The difficulty in performing such Bayesian inference is in designing the prior probability distribution. Since prior probability distributions can restrict the range of parameters, if the constrain condition for their parameters is known in advance, it can be incorporated into the prior probability distribution. Otherwise, a distribution that does not affect parameter estimation, such as a wide uniform distribution, is used as the prior probability distribution. In that case, the posterior probability distribution may exhibit multimodality due to exchange among spectral components. As a result, parameter estimates are not precise, are poorly reproducible, and may not be physically reasonable. When analyzing the XPS spectra, it is important to overcome these difficulties and quantify knowledge of the target material9. However, even in such a situation, scientists can achieve high-precision spectral analysis by the following scenario. They first analyze the spectral data without assuming prior knowledge. By reviewing the results of this analysis, they quantify physical constraints that were previously unnoticed or unquantifiable. Utilizing such knowledge, for example, by constraining the range of regression parameters, they can achieve the analysis of spectral data with the desired accuracy. The purpose of this study is to propose a framework for incorporating this natural flow of spectral data analysis conducted by scientists into Bayesian spectroscopy19,20.

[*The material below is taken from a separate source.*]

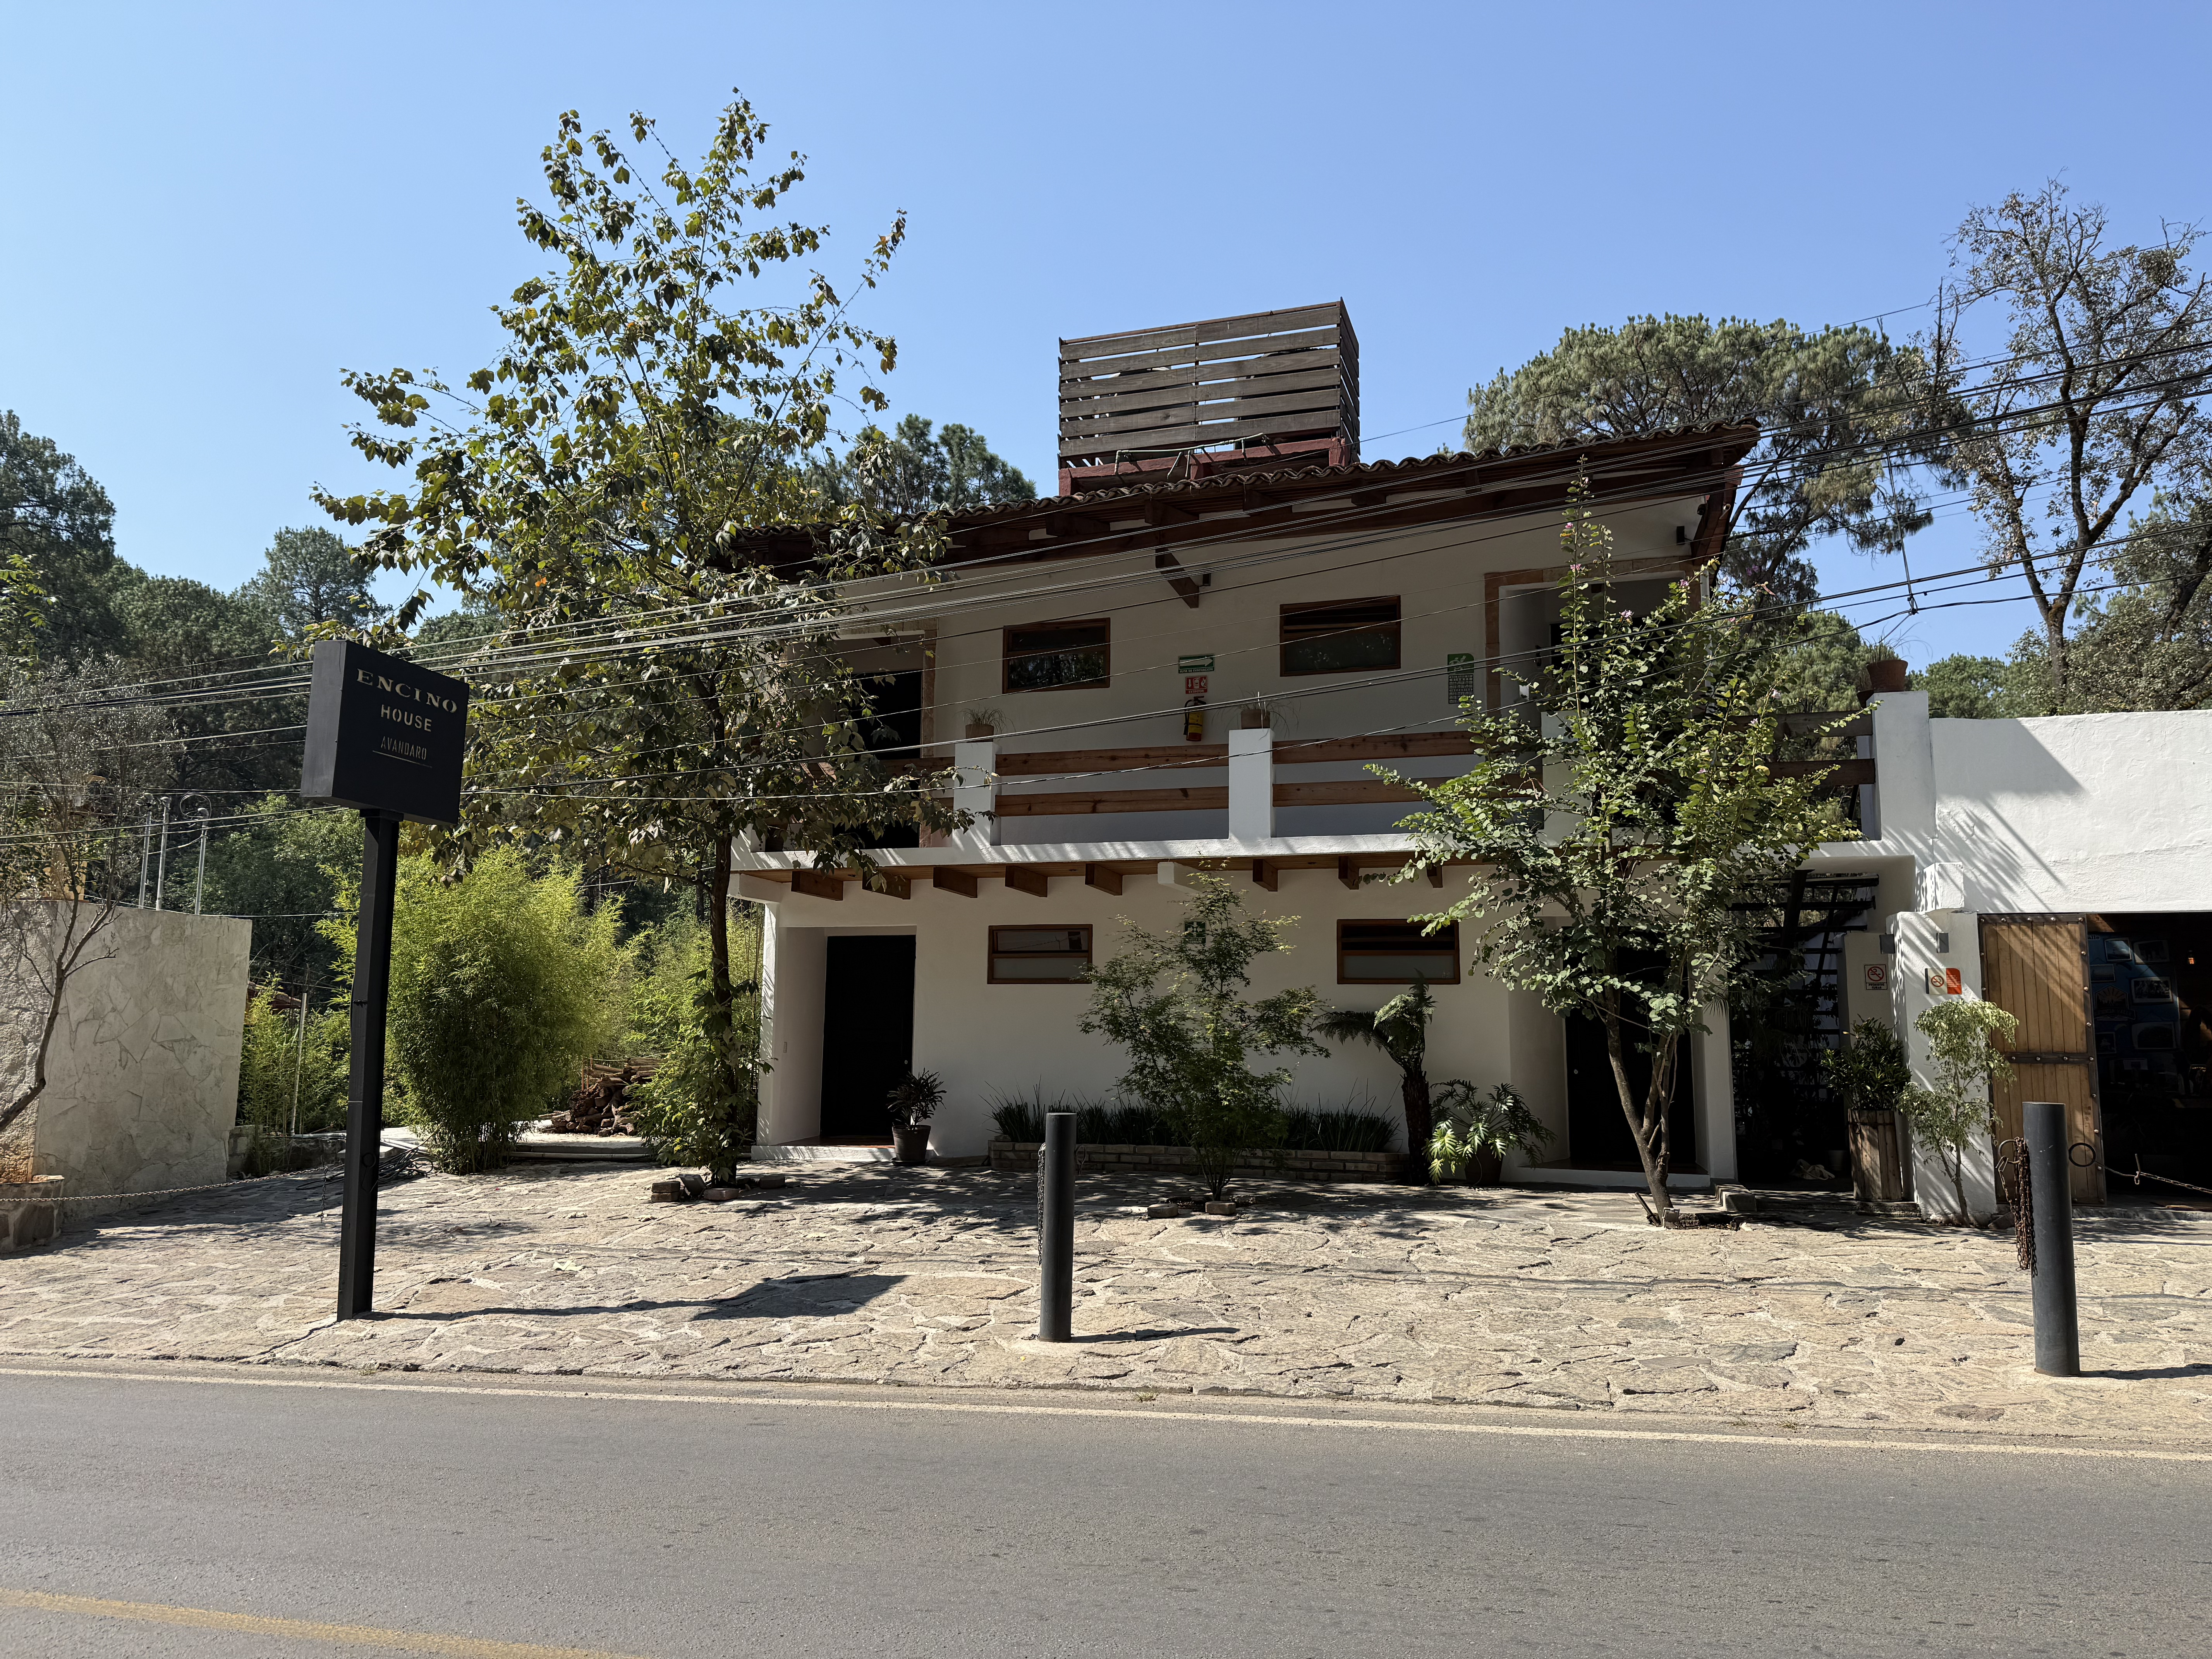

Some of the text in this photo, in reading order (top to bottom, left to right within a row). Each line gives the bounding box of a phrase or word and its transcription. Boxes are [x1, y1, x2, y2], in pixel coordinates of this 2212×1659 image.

[356, 668, 458, 713] ENCINO
[380, 704, 432, 732] HOUSE
[380, 736, 427, 761] AVANDARO

In this article, core-level spectra in both pristine and oxygen-intercalated graphenes grown in SiC(0001) have been analyzed by Bayesian spectroscopy with constraints on the values of the spectral parameters based on knowledge of the physical properties.

Samples

Graphene layers were grown on n-doped 6H-SiC(0001) using the face-to-face method21, where two SiC substrates were placed one on top of the other with a gap of 20 \(\upmu\)m using Ta foils. After sufficient outgassing at approximately 800 \(^\circ\)C and annealing at 1200 \(^\circ\)C to provide a well-ordered Si-terminated surface, samples were annealed at 1350 \(^\circ\)C and 1400 \(^\circ\)C to obtain 1ML and 2ML graphene, respectively. Qfs-2ML were obtained by annealing the 1ML sample for 10 min at 550 \(^\circ\)C in air. All measurements were performed on the beamline BL13 at the SAGA Light Source22. The core-level and valence-band photoelectron spectra were measured using a photon energy of 680 and 40 eV, respectively. The Fermi energy and the energy resolution were confirmed by measurements for the Fermi level of the gold reference. The overall energy resolutions were estimated to be 0.69 and 0.04 eV for core-level and valence band measurements, respectively.

Figure 1
figure 1

XPS spectra measured at C 1s level in 1ML (a), 2ML (b), and qfs-2ML (c) graphenes, respectively. Vertical dashed lines in (a) and (b) show the binding energies of SiC, graphene, S1, and S2 for 1ML and 2ML graphene reported in Ref.23.

Figure 1 shows the XPS spectra measured for 1ML, 2ML, and qfs-2ML graphene samples. Vertical dashed lines indicate the energy positions reported in a previous work23 for the 1ML and 2ML samples, which are shown in red for the SiC substrate, blue for graphene (Gr), green for S1 and magenta for S2, respectively. Although the peak positions are shifted about 0.2 eV comparing the vertical dashed lines with the peak positions observed in Fig. 1, this energy shift is considered to be due to differences in measurement conditions such as temperature and SiC doping concentration because the binding energy scale was calibrated with respect to the Fermi level of the gold reference.

In the 1ML sample depicted in Fig. 1a, the SiC substrate (283.70 eV23) gives the strongest peak at 283.8 eV, and the peak structures of the graphene (284.67 eV23) and of the two components S1 (285.04 eV23) and S2 (285.53 eV23) for buffer layer atoms are observed as broad peaks from 284.5 to 286.0 eV without separation. In the 2ML sample shown in Fig. 1b, the SiC substrate (283.66 eV23) gives a second intense peak at 283.3 eV, which is the almost same as that of 1ML. However, the spectral structure in the high-binding energy region changes markedly, giving a dominant peak at 284.8 eV. Although this peak is considered to be chiefly attributed to graphene (284.56 eV23), and also includes the components of the buffer layer S1 (285.01 eV23) and S2 (285.50 eV23) because it has a shoulder structure on the high energy side.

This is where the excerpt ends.